#### WHAT TO PRODUCE:
Every record below should be copied exactly, with the pictures left out.

#### PROVIDED DATA:
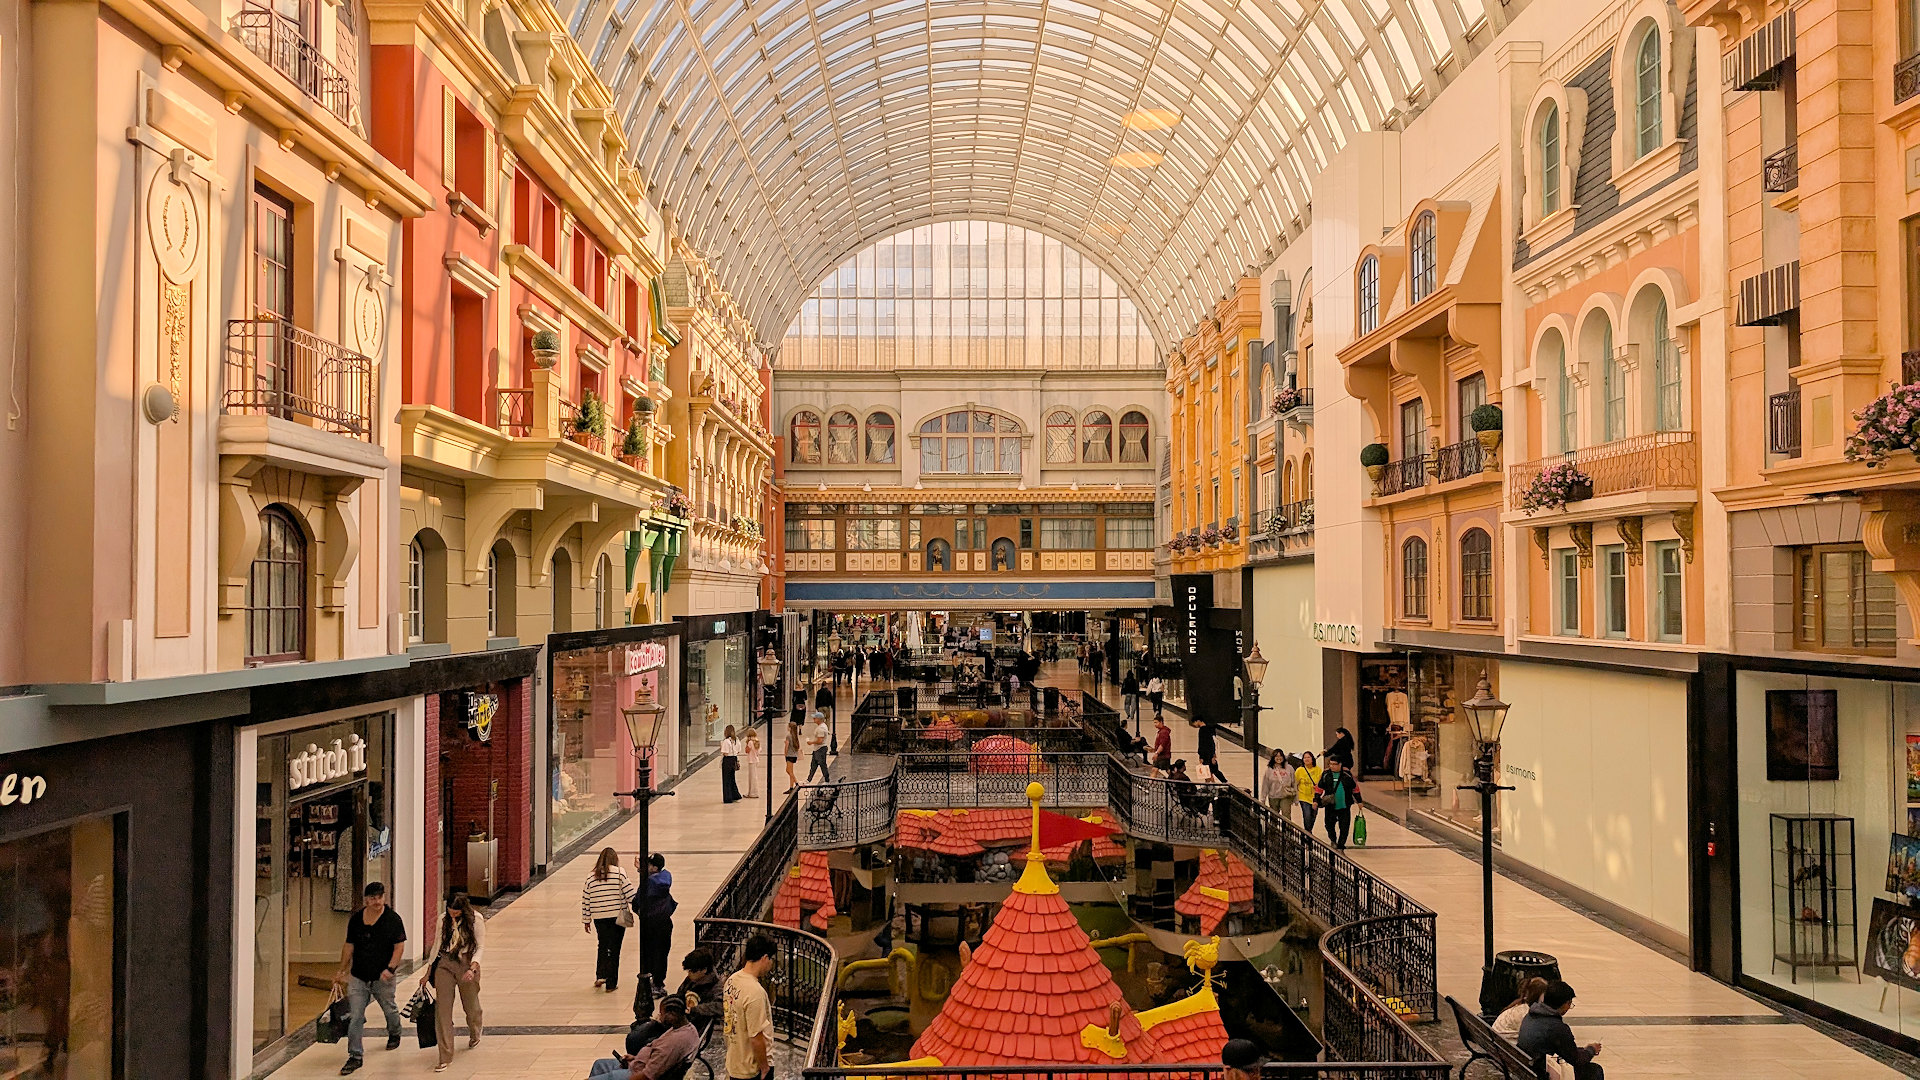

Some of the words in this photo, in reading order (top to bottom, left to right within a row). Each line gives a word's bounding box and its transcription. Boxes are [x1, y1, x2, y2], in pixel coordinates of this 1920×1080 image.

[1188, 586, 1197, 654] OPULENCE
[1318, 622, 1357, 645] simons
[290, 743, 349, 790] stitch
[349, 733, 367, 772] it
[1509, 765, 1536, 781] simons

#### SOLUTION:
Some of the words in this photo, in reading order (top to bottom, left to right within a row). Each line gives a word's bounding box and its transcription. Boxes are [x1, y1, x2, y2], in pixel coordinates of this 1920×1080 image.

[1188, 586, 1197, 654] OPULENCE
[1318, 622, 1357, 645] simons
[290, 743, 349, 790] stitch
[349, 733, 367, 772] it
[1509, 765, 1536, 781] simons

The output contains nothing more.